OzCHI 2018 Workshop


Animal Computer Interaction

Designing for Animal Interaction

This workshop is an invitation to bring together researchers and practitioners from Human Computer Interaction (HCI), Animal Computer Interaction (ACI) and related fields who work in some capacity with animals and through the recognition of animal intelligence want to better understand how to work with and learn from animals.

This is a continuation of the work begun at OzCHI 2017 in forming an Australian chapter of ACI: OzACI.

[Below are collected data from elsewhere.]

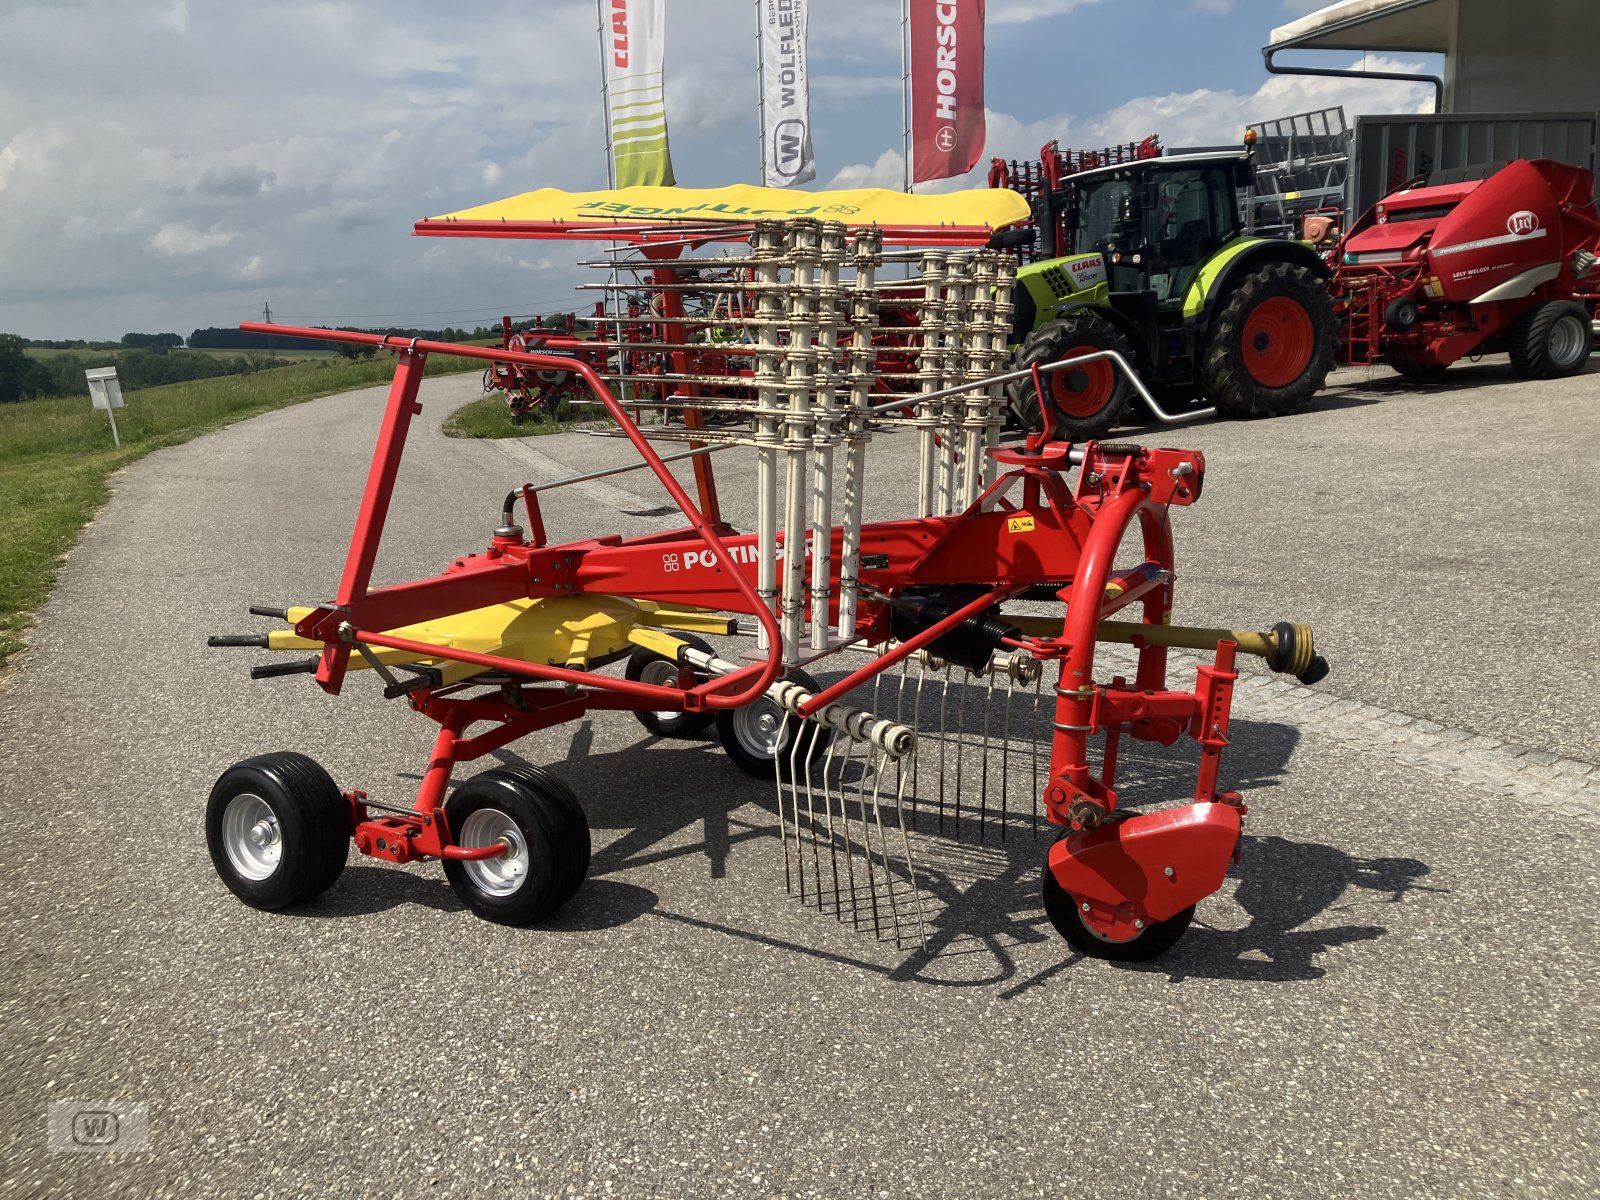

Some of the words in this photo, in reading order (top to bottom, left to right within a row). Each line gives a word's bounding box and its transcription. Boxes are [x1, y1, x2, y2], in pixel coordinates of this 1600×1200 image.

[936, 0, 957, 120] HORSC
[1512, 213, 1532, 233] LELY
[1072, 258, 1101, 272] CLAAS
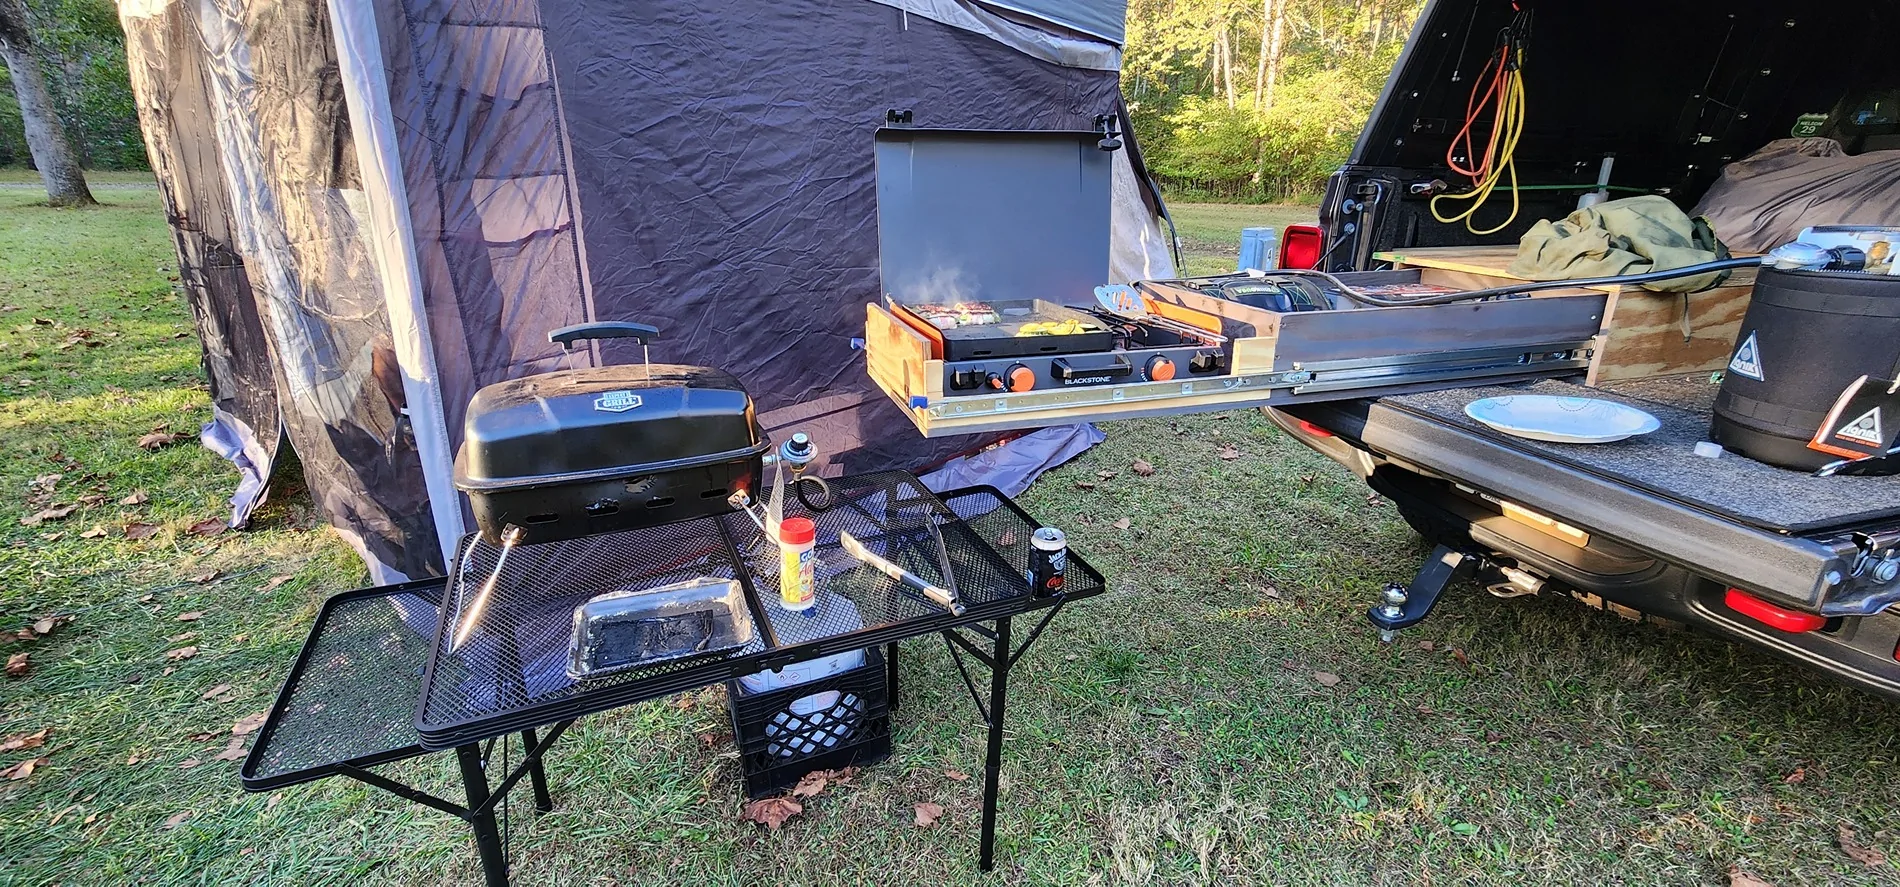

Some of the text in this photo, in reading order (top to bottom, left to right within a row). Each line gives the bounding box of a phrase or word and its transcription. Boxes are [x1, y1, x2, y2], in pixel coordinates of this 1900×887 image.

[1064, 376, 1111, 385] BLACKSTONE
[602, 397, 637, 407] GRILL
[800, 550, 814, 562] GO
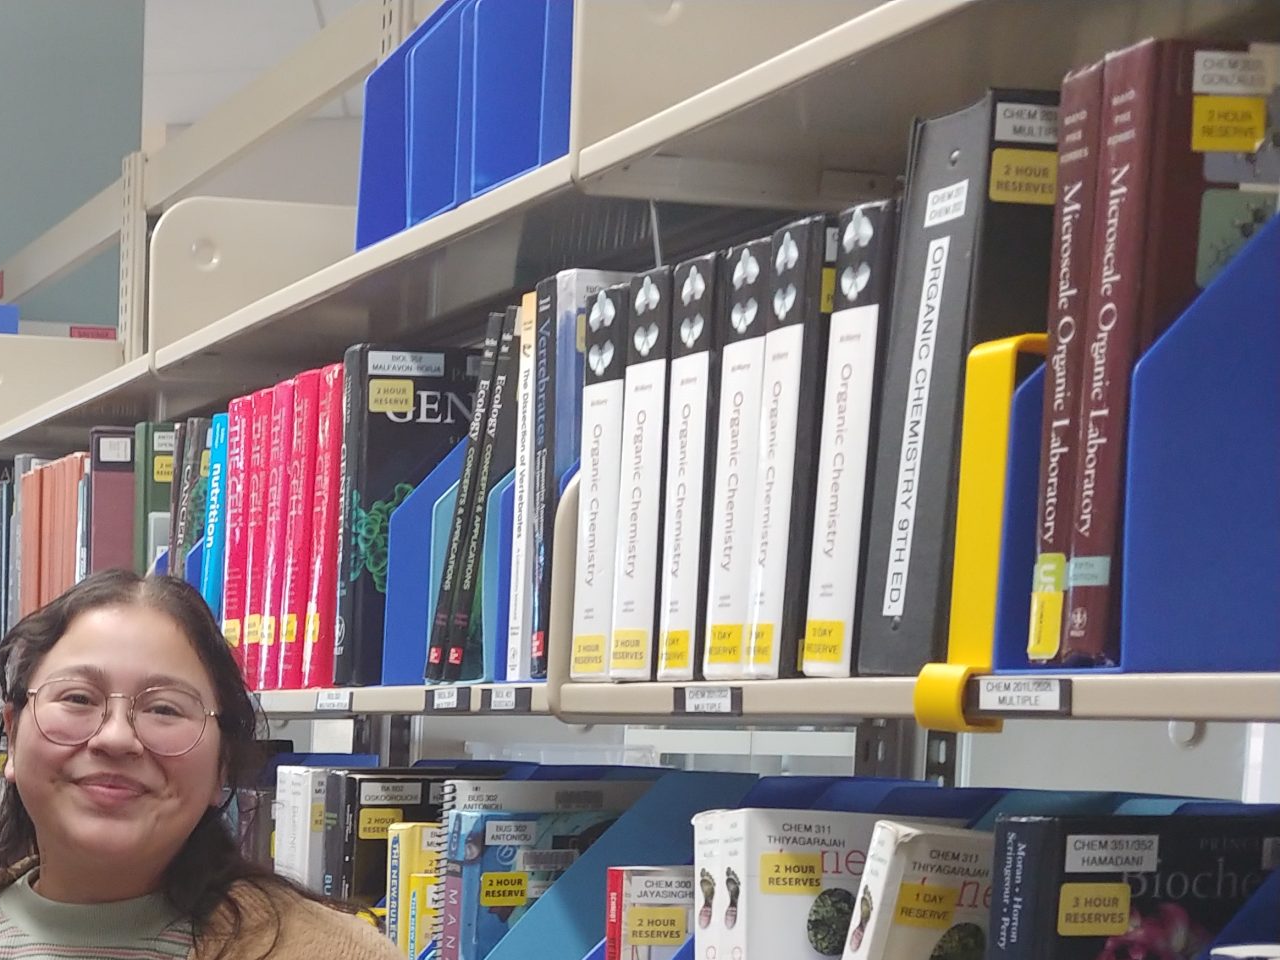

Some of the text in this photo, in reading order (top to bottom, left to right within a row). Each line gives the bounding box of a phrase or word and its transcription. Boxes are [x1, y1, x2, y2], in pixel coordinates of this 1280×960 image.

We are looking specifically at in-place and emerging considerations while working with and designing for enriching experiences for animals, humans, communication, environments and technology within an Australian context.

Call for Papers

Prospective participants are invited to submit 1-2 page position papers in the extended abstract format. They should discuss their interest and the challenges that they experience in working with animals, humans, digital, physical and interactive environments. The invited speakers are asked to submit a title and 150 word abstract.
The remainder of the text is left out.